Dataset showing the abundance and distribution of benthic foraminifera in relation to marine sediment parameters from western Arabian Gulf.

This dataset supports the paper entitled "A baseline investigation of benthic foraminifera in relation to marine sediments parameters in western parts of the Arabian Gulf". Duplicate sediment samples (sets A and B) were collected from 30 stations in an area covering approximately 25000 km2 in the offshore northern Arabian Gulf, using a van Veen grab (0.1 m2 area) and the top 1 cm was analysed for living benthic foraminifera. A set of samples was devoted to foraminiferal analysis while the other, set B, for sediment analyses. In situ hydrographical parameters such as temperature, salinity, pH, turbidity and DO were measured at surface waters. The top 1 cm was subsampled for foraminiferal analyses from the grab and preserved using 70% ethanol with Rose-Bengal stain. Potentially Toxic Elements (PTE) levels in sediment and grain size distributions were analysed. The dataset is expected to provide a baseline for PTE levels in sediment, benthic foraminiferal communities, and identify endemic species adapted to extremes of temperature and saline conditions typical of the Gulf. It can also be used by environmental managers, micropaleotologists, students in environmental/geology/marine science as reference background conditions based on sediment toxicity and benthic community information in revising environmental guidelines in the region. Data from this study suggest that PTEs are within the range of background values, and the sediments support highly diversified and stable benthic foraminiferal communities adapted to the unique environmental conditions in the Gulf. To date, this dataset documents the highest number of living benthic foraminifera species reported from the Gulf, and the most diverse living community compared to all previous studies. It also provides evidence for the full recovery of areas impacted during the 1991 Gulf oil spill which is evident by the diverse and flourishing assemblages of living benthic foraminifera documented.

A baseline investigation of benthic foraminifera in relation to marine sediments parameters in western parts of the Arabian Gulf.
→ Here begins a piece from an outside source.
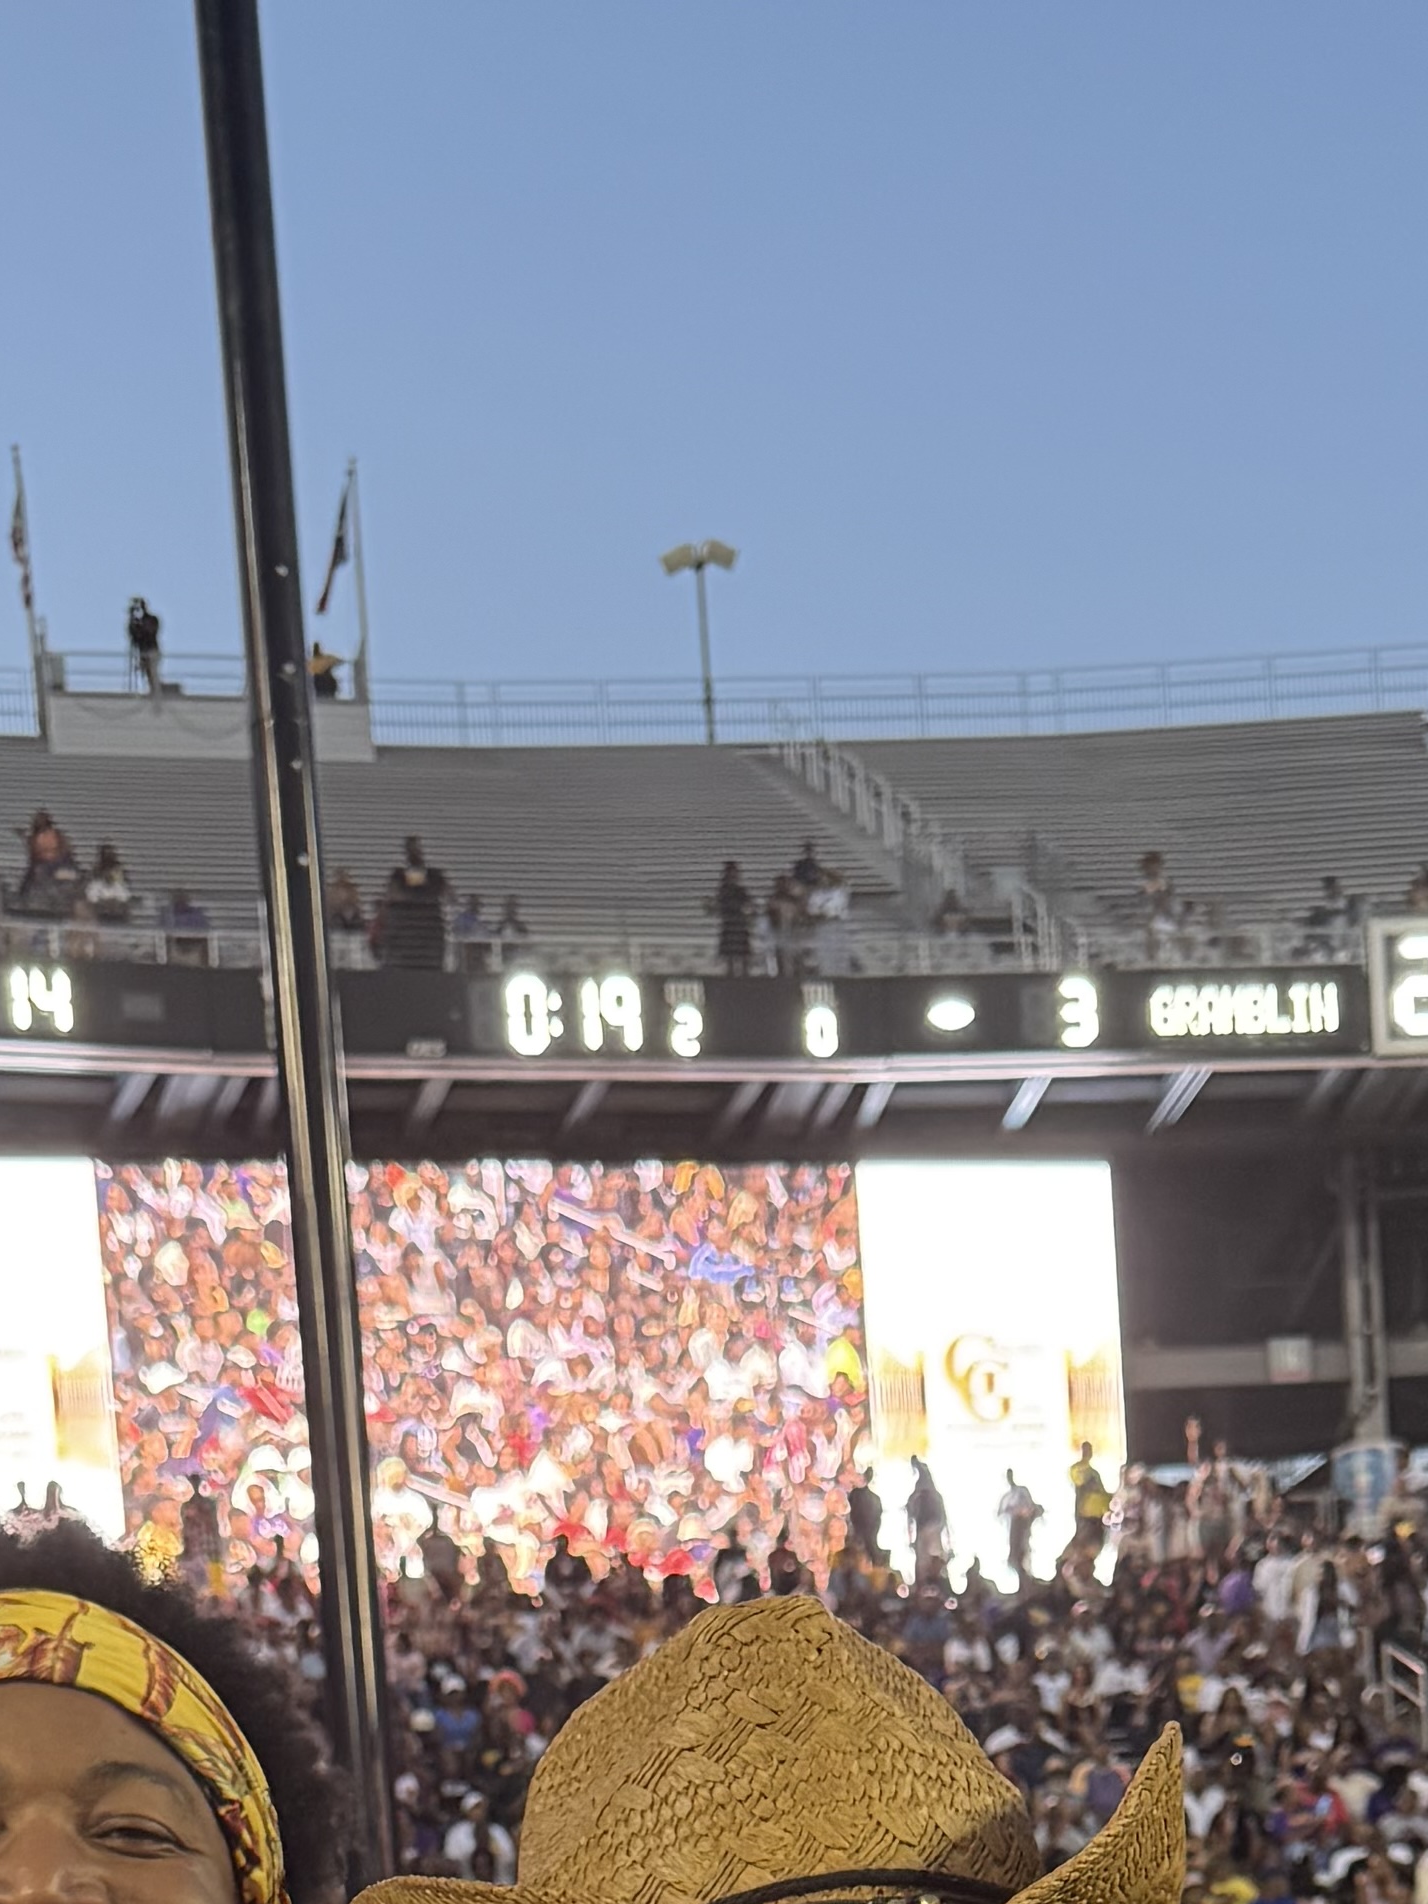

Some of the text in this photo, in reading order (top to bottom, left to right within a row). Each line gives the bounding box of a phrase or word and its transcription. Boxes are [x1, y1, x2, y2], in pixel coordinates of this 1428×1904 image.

[10, 966, 74, 1032] 14
[505, 975, 644, 1056] 0:19
[671, 1004, 704, 1058] 2
[1058, 977, 1100, 1048] 3
This baseline paper discusses the distribution and abundance of living benthic foraminifera in relation to Potentially Toxic Elements (PTEs) such as As, Al, Fe Cd, Co, Cr, Cu, V, Ni, Hg, Pb, and Zn in marine sediments collected from 30 stations in the offshore Arabian Gulf to define baseline environmental conditions for the implementation of future biomonitoring programs. A total of 271 living benthic foraminiferal species were identified belonging to 66 genera, 37 families and 6 orders. Data from this work suggest that PTEs are within the range of background values, and the sediments support highly diversified and stable benthic foraminiferal communities adapted to the unique environmental conditions in the Gulf. Thus, the effect of anthropogenic activities is deemed negligible. This study is expected to provide a baseline dataset for PTE levels in sediment, benthic foraminiferal communities, and identify endemic species adapted to extremes of temperature and saline conditions typical of the Gulf.